IRMS are widely used to determine the ratio of stable isotopes of Carbon (C) and Oxygen (O), i.e. 13C/12C and 18O/16O, respectively in geological samples. With the advancement of hyphenated techniques, the separation power of gas chromatograph has been coupled to the mass spectrometer along with introduction of sample combustion interface into the gas chromatograph-isotope ratio mass spectrometer (Platzner 1997). The separated products of the sample mixture in the stream of helium at the output of the gas chromatograph are passed through an oxidation/reduction reactor and then introduced into the ion source of mass spectrometer for precise concentration determination. The basic mass spectrometer comprises of the (i) ion source for fragmentation of sample molecule into ions and (ii) mass analyzer for separating the ion beam according to the mass of the respective ions. The open split-coupling device ensures that only a part of the sample/reference gas containing carrier gas is fed into the ion source of the MS. In this way, pulse injection of sample gas can be analyzed, reducing the volume constraints and sample size (Platzner 1997).
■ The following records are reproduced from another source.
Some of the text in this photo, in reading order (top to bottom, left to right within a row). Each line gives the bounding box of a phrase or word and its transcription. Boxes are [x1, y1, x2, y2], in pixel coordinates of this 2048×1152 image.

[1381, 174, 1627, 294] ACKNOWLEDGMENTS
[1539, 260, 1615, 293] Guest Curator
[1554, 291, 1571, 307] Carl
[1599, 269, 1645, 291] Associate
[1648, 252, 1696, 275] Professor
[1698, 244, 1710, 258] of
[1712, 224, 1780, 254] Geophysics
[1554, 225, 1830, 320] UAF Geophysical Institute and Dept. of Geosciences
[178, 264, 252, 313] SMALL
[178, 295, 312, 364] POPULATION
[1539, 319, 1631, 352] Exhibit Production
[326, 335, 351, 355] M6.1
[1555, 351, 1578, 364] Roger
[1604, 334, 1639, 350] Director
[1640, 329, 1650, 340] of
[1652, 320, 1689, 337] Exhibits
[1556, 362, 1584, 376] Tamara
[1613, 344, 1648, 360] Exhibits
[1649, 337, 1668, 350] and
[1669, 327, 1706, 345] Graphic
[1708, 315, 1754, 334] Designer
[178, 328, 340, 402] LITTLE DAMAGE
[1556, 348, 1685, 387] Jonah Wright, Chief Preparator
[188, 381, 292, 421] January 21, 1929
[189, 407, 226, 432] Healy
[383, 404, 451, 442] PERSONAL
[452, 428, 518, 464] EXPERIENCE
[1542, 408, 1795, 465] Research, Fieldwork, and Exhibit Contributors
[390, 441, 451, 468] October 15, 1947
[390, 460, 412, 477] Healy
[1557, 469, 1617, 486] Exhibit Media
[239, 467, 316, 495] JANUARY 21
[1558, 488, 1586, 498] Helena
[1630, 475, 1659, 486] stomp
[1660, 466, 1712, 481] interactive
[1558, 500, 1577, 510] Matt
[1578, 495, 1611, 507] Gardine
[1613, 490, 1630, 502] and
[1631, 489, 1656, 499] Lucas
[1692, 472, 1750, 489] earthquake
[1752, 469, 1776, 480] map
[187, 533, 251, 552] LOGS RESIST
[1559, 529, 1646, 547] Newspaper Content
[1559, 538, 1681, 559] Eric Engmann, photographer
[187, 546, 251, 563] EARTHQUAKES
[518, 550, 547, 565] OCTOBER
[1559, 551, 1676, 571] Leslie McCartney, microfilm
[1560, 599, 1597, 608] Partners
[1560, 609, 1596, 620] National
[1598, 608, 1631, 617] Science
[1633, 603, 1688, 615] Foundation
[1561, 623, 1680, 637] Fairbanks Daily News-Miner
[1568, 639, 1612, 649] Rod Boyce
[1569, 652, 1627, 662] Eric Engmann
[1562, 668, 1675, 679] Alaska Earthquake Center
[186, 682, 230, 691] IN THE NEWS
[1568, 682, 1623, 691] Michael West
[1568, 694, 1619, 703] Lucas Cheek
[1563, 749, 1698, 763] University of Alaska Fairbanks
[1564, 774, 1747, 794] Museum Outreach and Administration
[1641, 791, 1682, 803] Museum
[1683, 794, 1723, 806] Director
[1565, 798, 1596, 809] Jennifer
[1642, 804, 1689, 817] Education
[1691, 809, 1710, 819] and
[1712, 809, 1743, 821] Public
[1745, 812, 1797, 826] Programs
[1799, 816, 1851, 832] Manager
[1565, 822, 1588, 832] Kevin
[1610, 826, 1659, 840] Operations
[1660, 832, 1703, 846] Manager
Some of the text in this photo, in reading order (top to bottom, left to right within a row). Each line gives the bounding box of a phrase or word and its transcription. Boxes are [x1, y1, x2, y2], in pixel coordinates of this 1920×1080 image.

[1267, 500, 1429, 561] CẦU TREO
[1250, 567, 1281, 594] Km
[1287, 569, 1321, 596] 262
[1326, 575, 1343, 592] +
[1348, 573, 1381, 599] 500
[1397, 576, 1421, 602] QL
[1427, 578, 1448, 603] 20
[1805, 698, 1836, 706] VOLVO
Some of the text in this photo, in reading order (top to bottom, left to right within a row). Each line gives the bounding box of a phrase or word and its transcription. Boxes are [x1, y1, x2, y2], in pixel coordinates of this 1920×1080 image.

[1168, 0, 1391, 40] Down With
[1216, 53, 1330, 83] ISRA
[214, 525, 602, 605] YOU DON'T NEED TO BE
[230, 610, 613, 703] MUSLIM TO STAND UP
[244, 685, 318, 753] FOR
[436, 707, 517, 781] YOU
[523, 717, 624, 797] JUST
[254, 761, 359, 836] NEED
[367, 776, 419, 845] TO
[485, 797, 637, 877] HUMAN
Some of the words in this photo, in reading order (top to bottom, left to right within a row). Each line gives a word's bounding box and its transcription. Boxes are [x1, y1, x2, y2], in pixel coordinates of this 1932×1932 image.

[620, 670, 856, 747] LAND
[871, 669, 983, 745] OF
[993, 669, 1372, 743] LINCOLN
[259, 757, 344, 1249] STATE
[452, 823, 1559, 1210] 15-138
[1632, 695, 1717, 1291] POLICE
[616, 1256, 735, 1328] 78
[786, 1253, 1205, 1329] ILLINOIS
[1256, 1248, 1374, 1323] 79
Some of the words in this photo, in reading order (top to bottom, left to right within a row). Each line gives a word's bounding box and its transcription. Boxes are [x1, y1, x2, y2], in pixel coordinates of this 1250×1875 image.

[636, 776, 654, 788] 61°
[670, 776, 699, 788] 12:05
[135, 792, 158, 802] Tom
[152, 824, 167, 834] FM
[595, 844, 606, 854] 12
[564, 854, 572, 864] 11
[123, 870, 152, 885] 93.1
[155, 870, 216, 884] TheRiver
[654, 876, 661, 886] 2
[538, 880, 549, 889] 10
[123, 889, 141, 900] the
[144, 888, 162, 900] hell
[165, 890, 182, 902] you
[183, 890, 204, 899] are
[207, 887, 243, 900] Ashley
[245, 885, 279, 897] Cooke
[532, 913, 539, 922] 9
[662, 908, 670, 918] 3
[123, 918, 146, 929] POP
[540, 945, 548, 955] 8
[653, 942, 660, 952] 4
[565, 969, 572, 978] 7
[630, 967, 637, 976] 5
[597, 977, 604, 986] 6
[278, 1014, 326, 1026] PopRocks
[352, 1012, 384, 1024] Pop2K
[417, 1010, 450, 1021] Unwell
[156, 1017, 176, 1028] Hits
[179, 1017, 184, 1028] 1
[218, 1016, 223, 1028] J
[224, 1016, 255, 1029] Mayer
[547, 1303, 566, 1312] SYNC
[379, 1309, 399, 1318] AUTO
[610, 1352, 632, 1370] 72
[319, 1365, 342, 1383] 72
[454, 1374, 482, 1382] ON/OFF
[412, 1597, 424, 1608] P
Continuous Flow-IRMS is a generic term for IRMS instruments that are coupled on-line to preparation lines or instruments. This includes the (i) Gas Chromatography-Combustion-IRMS (GC-C-IRMS), used for the compound specific analysis of hydrocarbon components. (ii) Gas Bench-IRMS (GB-IRMS), used for the C and O isotope ratio determinations on carbonates. (iii) Elemental Analyzer-IRMS (EA-IRMS), used for the determination of coexisting organic matter in shale samples, with IRMS, being common to all the above mentioned peripherals.

3.3.2.1 GC-C-IRMS

The δ13C analysis of gaseous hydrocarbons was carried out using GC-C-IRMS. An Agilent 6890 GC coupled to a Finnigan-Delta PlusXP IRMS via a GC combustion III interface was used for the determination of carbon isotope ratios. One ml of the ortho-phosphoric acid desorbed gas (Horvitz 1985) was injected into the GC, equipped with “Pora Plot Q” capillary column 25 m in length and a diameter of 0.32 mm, in splitless mode with helium as carrier gas at a fixed oven temperature of 28 °C. The chromatographically separated hydrocarbon gases after eluting from GC column enter a pre-oxidized Cu-Ni-Pt combustion reactor maintained at 960 °C, where they get converted into carbon dioxide and water. The water was removed using Nafion membrane tube prior to their entry into the mass spectrometer. The purified CO2 after combustion enters into the mass spectrometer for 13C/12C ratio measurement of the respective hydrocarbon component. The GC-C-IRMS was calibrated to the international standard Vienna Pee Dee Belemnite (VPDB) using Natural Gas Standard (NGS-1) mixture (Mani et al. 2011a).

4 Case Studies

Of the twenty six sedimentary basins in India, shales of varied age and lithology are prolific source rocks in six basins, whereas there are several frontier basins in which the potential source rocks are yet being characterized at different stages of exploration. Geochemical attributes such as organic richness, kerogen type and thermal maturity of shales are important parameters, which define a potential source rock and provide useful insights onto the geological processes under which the carbonaceous sediments got deposited and were well preserved, leading to generation of hydrocarbons. Organic geochemical parameters studied for the shales from some of the sedimentary basins of India are described below.

4.1 Vindhyan Basin

The Proterozoic Vindhyan basin consists of more than 5000 m thick sedimentary sequence, which is characterized by the presence of rich fossil assemblage, organic rich black shales containing microbial mats and stromatolitic limestones. The existence of Infra-Cambrian reservoir sequences, source–seal relationships and the widespread presence of carbonaceous shale and stromatolitic carbonate render promising opportunities for hydrocarbons in the basin (DGH 2014; Ojha 2012). The Vindhyan succession is divided into the Lower Vindhyan (Semri Group) which is overlain unconformably by the Upper Vindhyan (Kaimur, Rewa, and Bhander Groups) (Banerjee et al. 2002, 2006; Dutta et al. 2006; Sharma 2006; Sastri 1984). Evaluation of organic matter in the outcrop shale samples from the Semri and Kaimur Groups of Vindhyan basin was carried out using Rock Eval pyrolysis, wherein thirty-two rock samples from the Khachhuhar, Murlipahar, Banjari (Rohtas Formation, the Semri Group) and Amjhore (Bijaigarh Formation, the Kaimur Group) were studied for their organic richness and kerogen type (Fig. 3) (Dayal et al. 2014).

Fig. 3
figure 3

Geological map of the Vindhyan basin showing the outcrops of the Semri and Kaimur rocks along with the sample locations (after, Dayal et al. 2014)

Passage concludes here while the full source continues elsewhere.